Segment Start: Given data
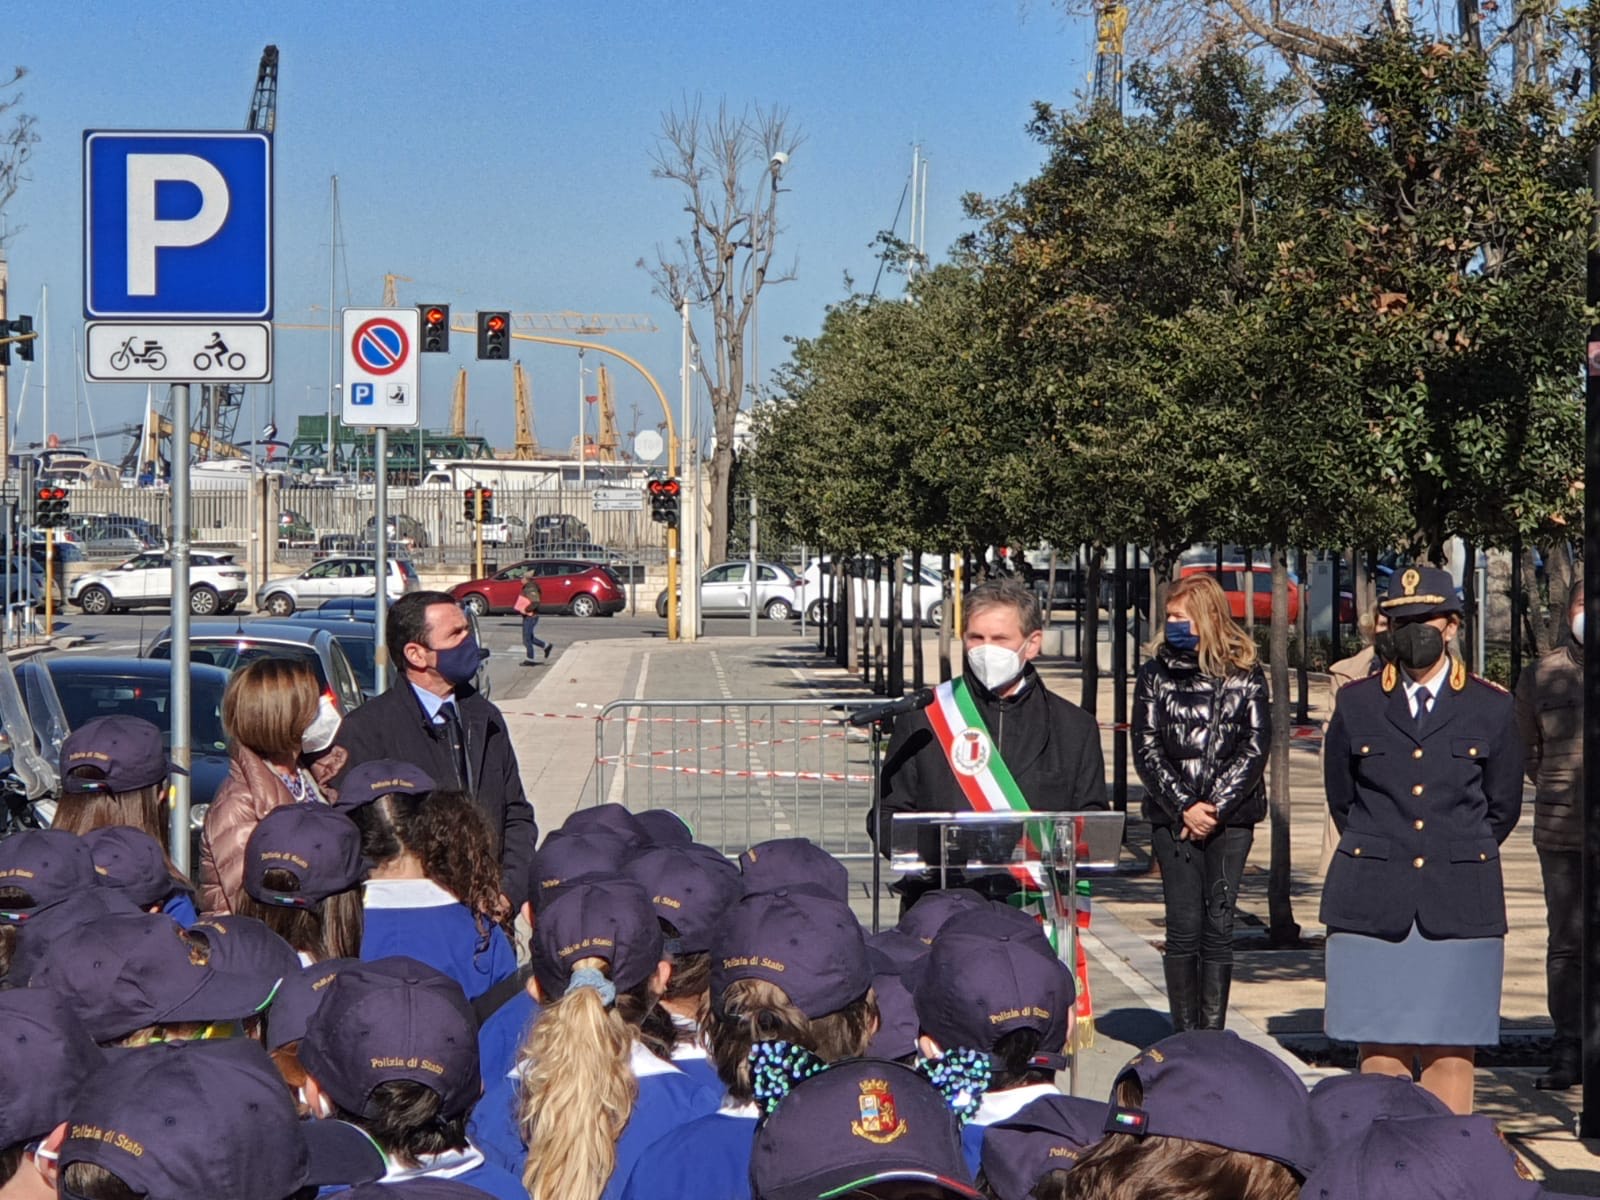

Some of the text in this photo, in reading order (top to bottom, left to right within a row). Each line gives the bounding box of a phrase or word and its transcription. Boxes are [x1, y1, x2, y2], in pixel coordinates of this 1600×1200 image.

[127, 153, 230, 296] P
[356, 385, 370, 403] P
[749, 955, 759, 966] di
[760, 957, 785, 972] Stato
[989, 1008, 1020, 1024] Polizia
[1021, 1006, 1031, 1017] di
[370, 1057, 444, 1075] Polizia di Stato
[71, 1123, 143, 1157] Polizia di Stato
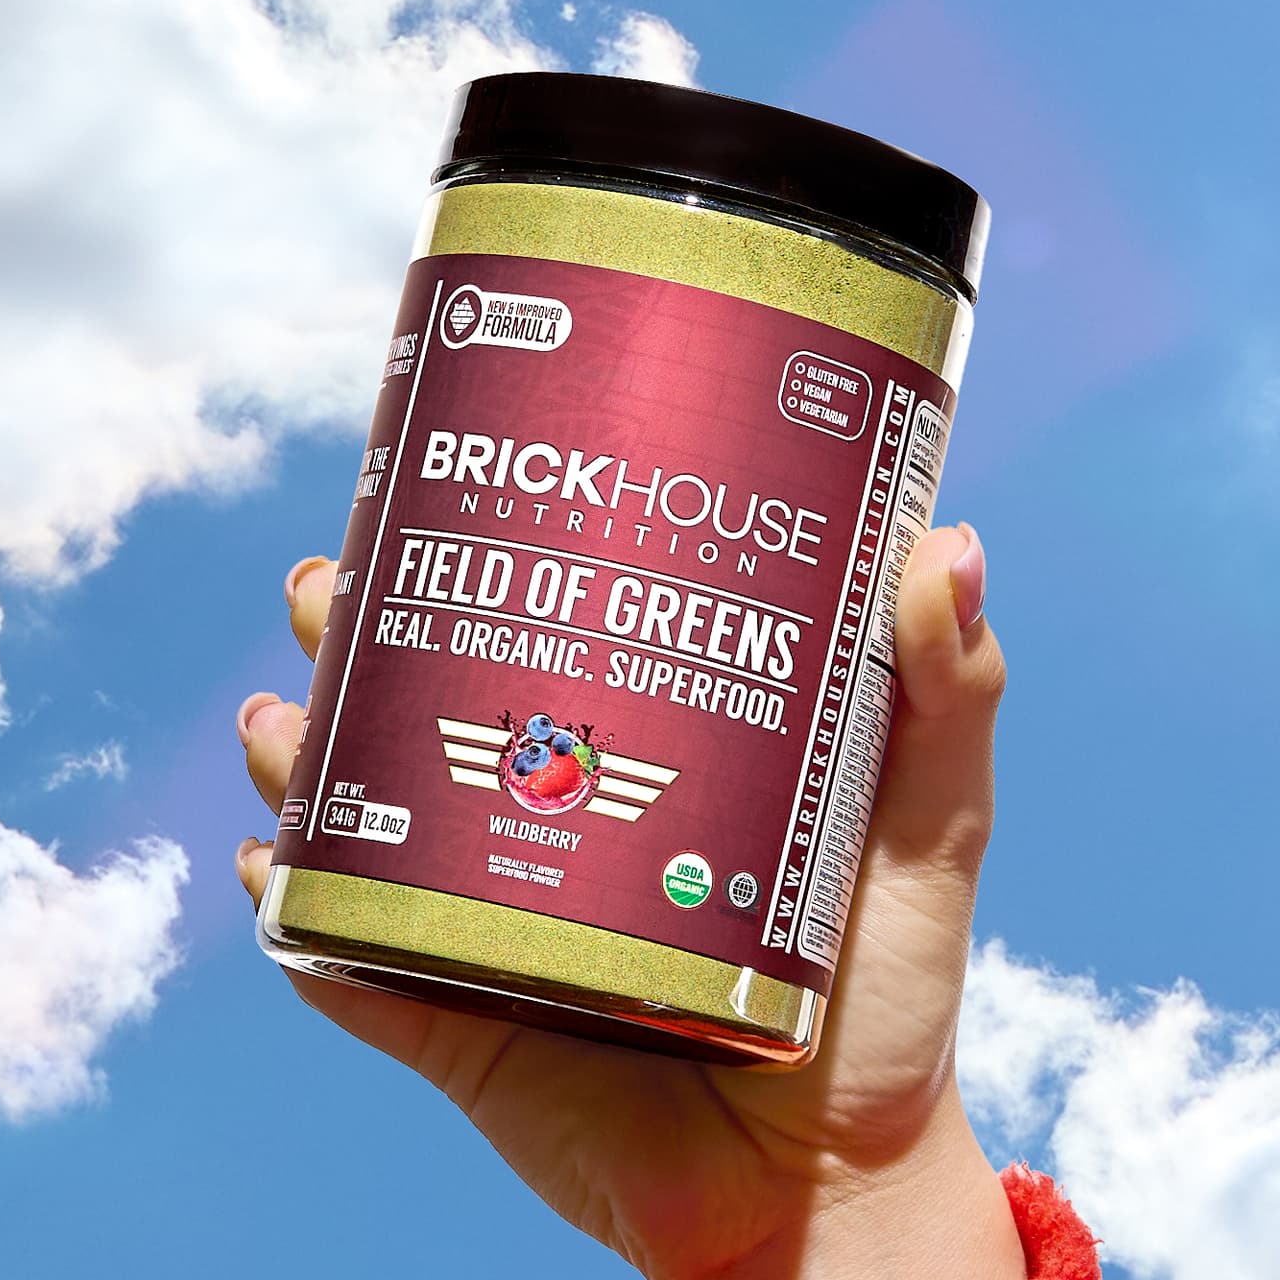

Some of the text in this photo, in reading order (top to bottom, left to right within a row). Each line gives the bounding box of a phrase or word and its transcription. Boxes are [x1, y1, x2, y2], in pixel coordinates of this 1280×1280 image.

[488, 300, 563, 321] NEW & IMPROVED
[482, 314, 557, 345] FORMULA
[803, 382, 832, 403] VEGAN
[806, 365, 859, 395] GLUTEN FREE
[800, 399, 849, 428] VEGETARIAN
[371, 446, 391, 471] THE
[420, 430, 828, 566] BRICKHOUSE
[460, 492, 758, 577] NUTRITION
[393, 538, 801, 681] FIELD OF GREENS
[375, 609, 788, 735] REAL. ORGANIC. SUPERFOOD.
[770, 385, 910, 948] WWW.BRICKHOUSENUTRITION.COM
[333, 781, 366, 799] NET WT.
[329, 806, 357, 827] 341G
[489, 814, 582, 852] WILDBERRY
[487, 863, 561, 888] SUPERFOOD POWDER
[488, 854, 565, 879] NATURALLY FLAVORED
[676, 863, 705, 881] USDA
[668, 878, 705, 897] ORGANIC
Segment End: Given data
→ About this exercise:
Print the entries above exactly, taking out only the pictures.

→ The completed task:
Some of the text in this photo, in reading order (top to bottom, left to right within a row). Each line gives the bounding box of a phrase or word and its transcription. Boxes are [x1, y1, x2, y2], in pixel coordinates of this 1600×1200 image.

[127, 153, 230, 296] P
[356, 385, 370, 403] P
[749, 955, 759, 966] di
[760, 957, 785, 972] Stato
[989, 1008, 1020, 1024] Polizia
[1021, 1006, 1031, 1017] di
[370, 1057, 444, 1075] Polizia di Stato
[71, 1123, 143, 1157] Polizia di Stato

Some of the text in this photo, in reading order (top to bottom, left to right within a row). Each line gives the bounding box of a phrase or word and its transcription. Boxes are [x1, y1, x2, y2], in pixel coordinates of this 1280×1280 image.

[488, 300, 563, 321] NEW & IMPROVED
[482, 314, 557, 345] FORMULA
[803, 382, 832, 403] VEGAN
[806, 365, 859, 395] GLUTEN FREE
[800, 399, 849, 428] VEGETARIAN
[371, 446, 391, 471] THE
[420, 430, 828, 566] BRICKHOUSE
[460, 492, 758, 577] NUTRITION
[393, 538, 801, 681] FIELD OF GREENS
[375, 609, 788, 735] REAL. ORGANIC. SUPERFOOD.
[770, 385, 910, 948] WWW.BRICKHOUSENUTRITION.COM
[333, 781, 366, 799] NET WT.
[329, 806, 357, 827] 341G
[489, 814, 582, 852] WILDBERRY
[487, 863, 561, 888] SUPERFOOD POWDER
[488, 854, 565, 879] NATURALLY FLAVORED
[676, 863, 705, 881] USDA
[668, 878, 705, 897] ORGANIC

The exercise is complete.